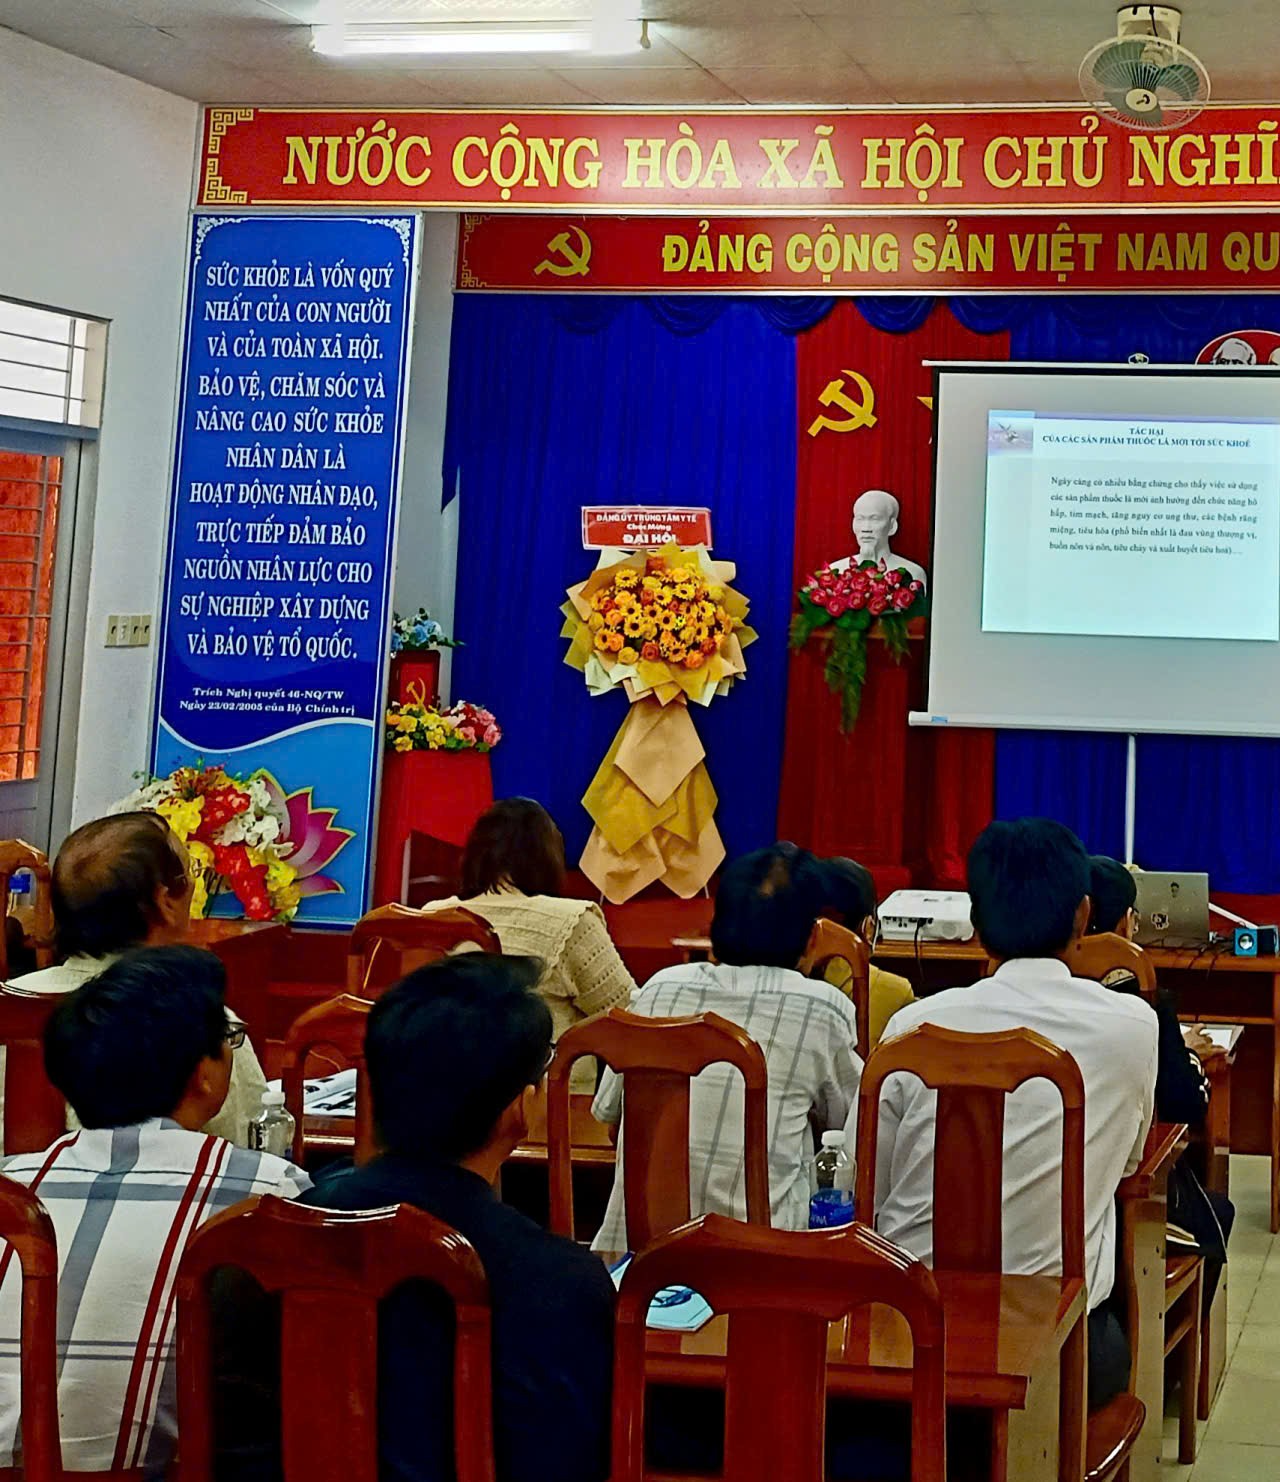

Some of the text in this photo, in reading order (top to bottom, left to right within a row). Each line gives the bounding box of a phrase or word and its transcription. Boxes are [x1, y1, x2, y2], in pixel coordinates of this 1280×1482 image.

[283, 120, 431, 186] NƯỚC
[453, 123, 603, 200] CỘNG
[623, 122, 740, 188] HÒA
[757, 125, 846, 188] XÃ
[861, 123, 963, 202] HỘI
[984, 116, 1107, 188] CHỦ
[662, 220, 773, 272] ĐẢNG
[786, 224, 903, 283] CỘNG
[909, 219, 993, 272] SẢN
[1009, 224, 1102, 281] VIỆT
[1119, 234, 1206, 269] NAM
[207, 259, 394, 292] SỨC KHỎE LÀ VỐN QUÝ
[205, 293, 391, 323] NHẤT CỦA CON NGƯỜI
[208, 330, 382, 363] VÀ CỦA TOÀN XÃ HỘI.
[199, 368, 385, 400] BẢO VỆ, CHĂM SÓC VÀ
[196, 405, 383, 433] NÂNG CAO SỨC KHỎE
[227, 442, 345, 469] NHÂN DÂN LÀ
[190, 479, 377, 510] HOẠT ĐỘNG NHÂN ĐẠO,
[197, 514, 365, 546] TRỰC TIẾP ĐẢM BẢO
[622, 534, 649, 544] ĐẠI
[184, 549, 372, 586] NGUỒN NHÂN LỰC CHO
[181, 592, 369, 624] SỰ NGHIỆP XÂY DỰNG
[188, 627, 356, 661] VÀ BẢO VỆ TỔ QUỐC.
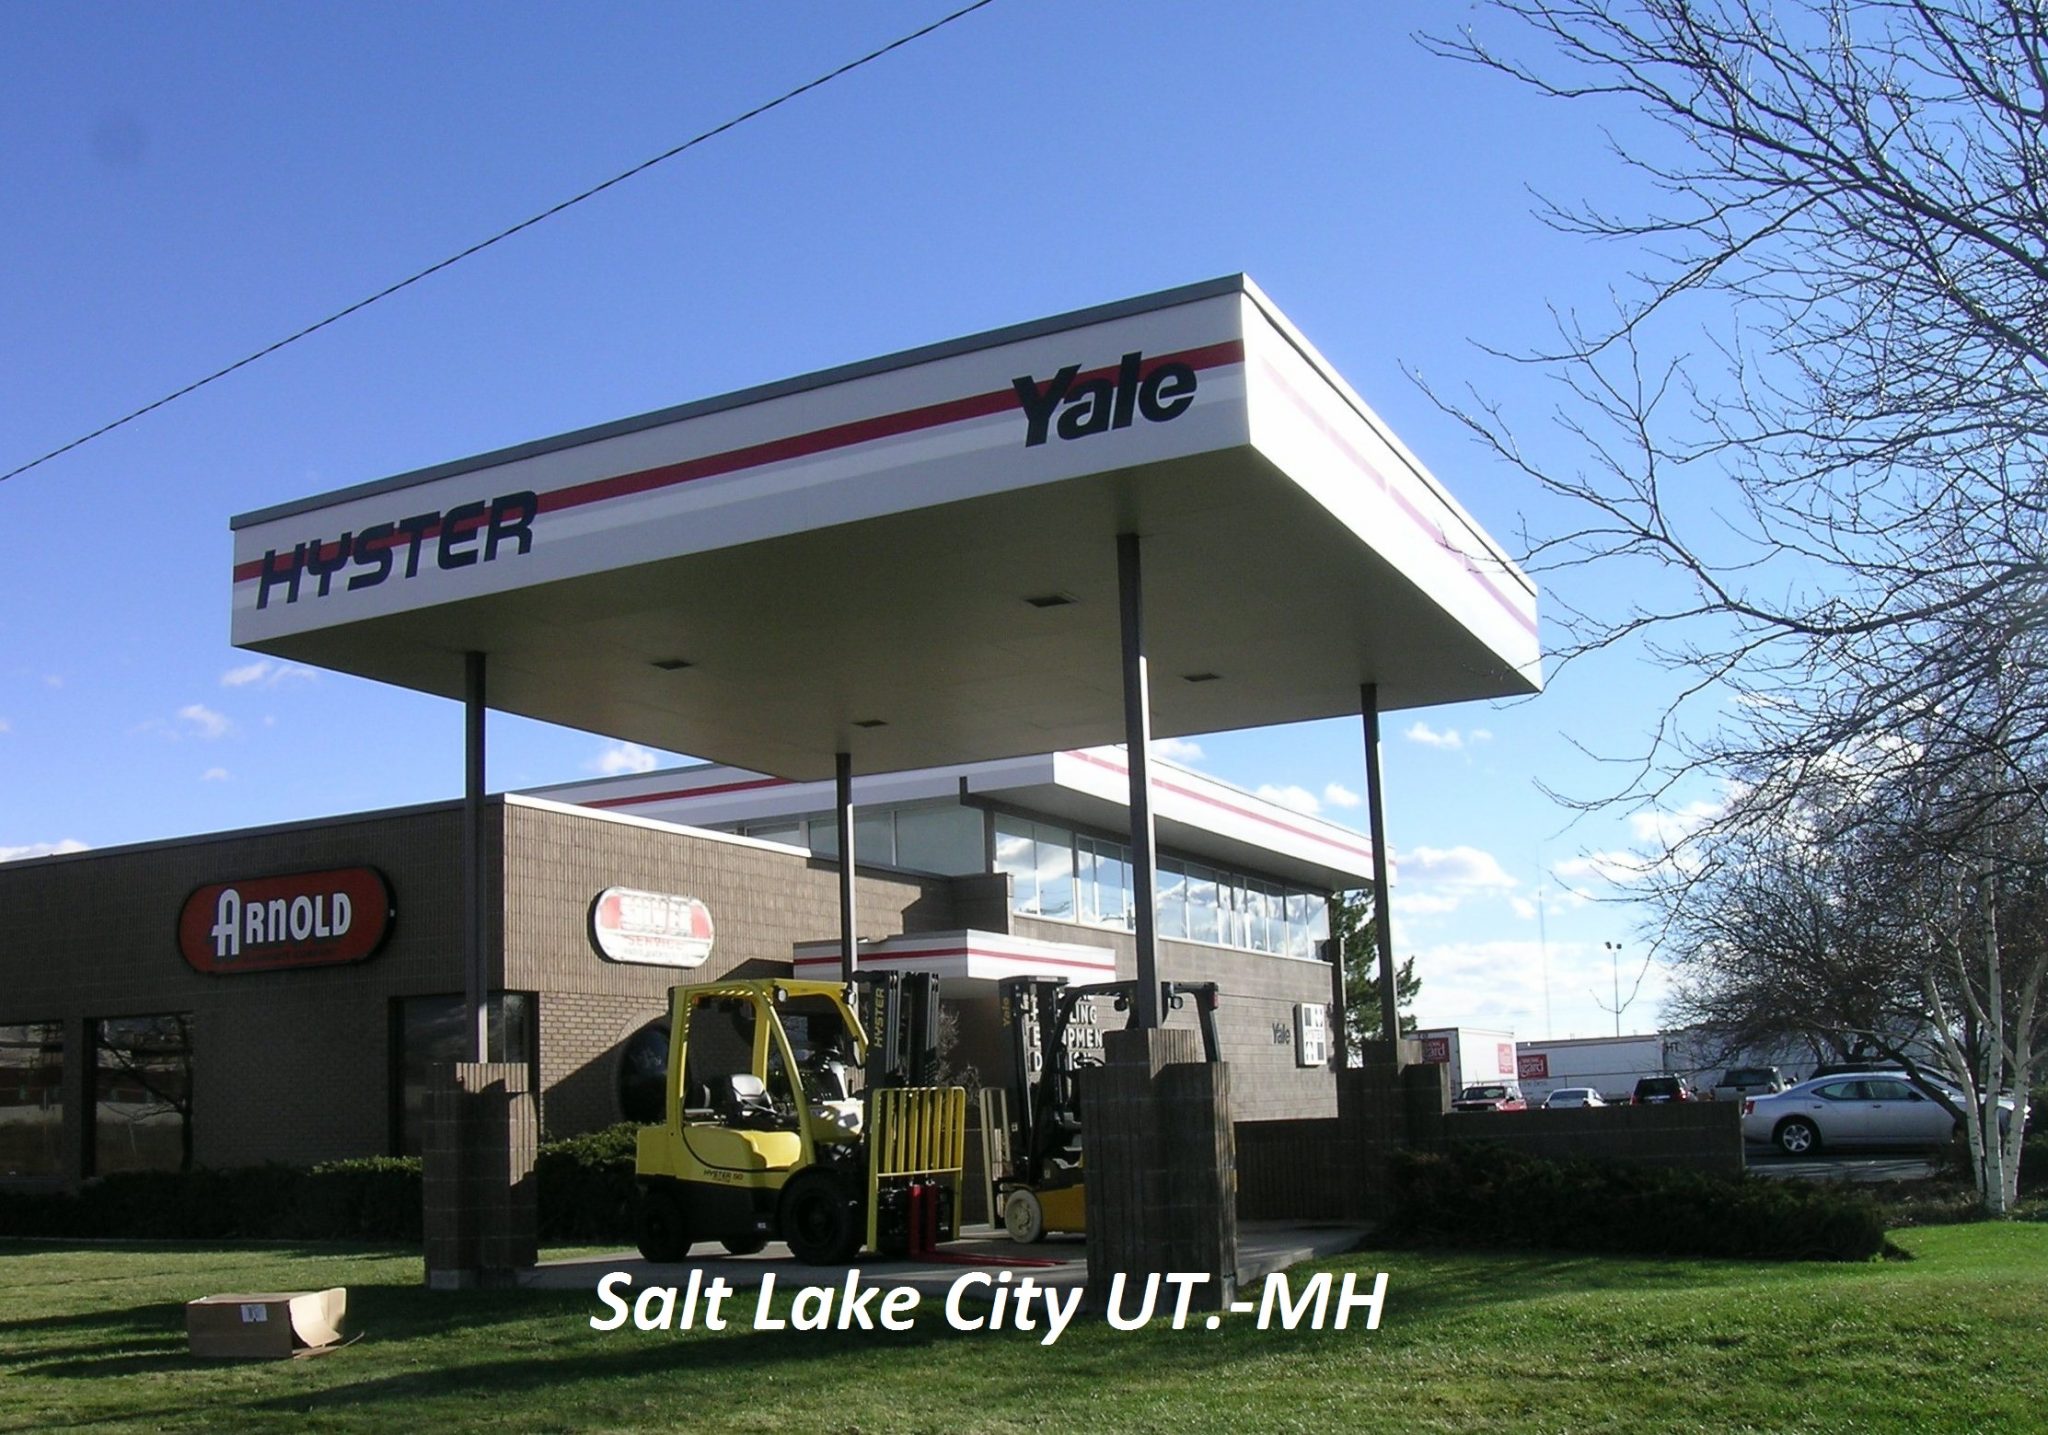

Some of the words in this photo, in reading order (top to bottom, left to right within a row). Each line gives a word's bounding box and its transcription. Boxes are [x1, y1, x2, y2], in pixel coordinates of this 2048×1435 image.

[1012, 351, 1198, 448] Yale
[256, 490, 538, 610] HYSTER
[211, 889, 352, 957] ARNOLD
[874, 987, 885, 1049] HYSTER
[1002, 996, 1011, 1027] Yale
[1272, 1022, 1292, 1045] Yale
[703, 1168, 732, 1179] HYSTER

## Task goal
From the first line to the last, retype the data above exactly, but not its images.

## Result
Some of the text in this photo, in reading order (top to bottom, left to right within a row). Each line gives the bounding box of a phrase or word and its transcription. Boxes are [x1, y1, x2, y2], in pixel coordinates of this 1280×1482 image.

[283, 120, 431, 186] NƯỚC
[453, 123, 603, 200] CỘNG
[623, 122, 740, 188] HÒA
[757, 125, 846, 188] XÃ
[861, 123, 963, 202] HỘI
[984, 116, 1107, 188] CHỦ
[662, 220, 773, 272] ĐẢNG
[786, 224, 903, 283] CỘNG
[909, 219, 993, 272] SẢN
[1009, 224, 1102, 281] VIỆT
[1119, 234, 1206, 269] NAM
[207, 259, 394, 292] SỨC KHỎE LÀ VỐN QUÝ
[205, 293, 391, 323] NHẤT CỦA CON NGƯỜI
[208, 330, 382, 363] VÀ CỦA TOÀN XÃ HỘI.
[199, 368, 385, 400] BẢO VỆ, CHĂM SÓC VÀ
[196, 405, 383, 433] NÂNG CAO SỨC KHỎE
[227, 442, 345, 469] NHÂN DÂN LÀ
[190, 479, 377, 510] HOẠT ĐỘNG NHÂN ĐẠO,
[197, 514, 365, 546] TRỰC TIẾP ĐẢM BẢO
[622, 534, 649, 544] ĐẠI
[184, 549, 372, 586] NGUỒN NHÂN LỰC CHO
[181, 592, 369, 624] SỰ NGHIỆP XÂY DỰNG
[188, 627, 356, 661] VÀ BẢO VỆ TỔ QUỐC.

Some of the words in this photo, in reading order (top to bottom, left to right within a row). Each line gives a word's bounding box and its transcription. Boxes are [x1, y1, x2, y2], in pixel coordinates of this 2048×1435 image.

[1012, 351, 1198, 448] Yale
[256, 490, 538, 610] HYSTER
[211, 889, 352, 957] ARNOLD
[874, 987, 885, 1049] HYSTER
[1002, 996, 1011, 1027] Yale
[1272, 1022, 1292, 1045] Yale
[703, 1168, 732, 1179] HYSTER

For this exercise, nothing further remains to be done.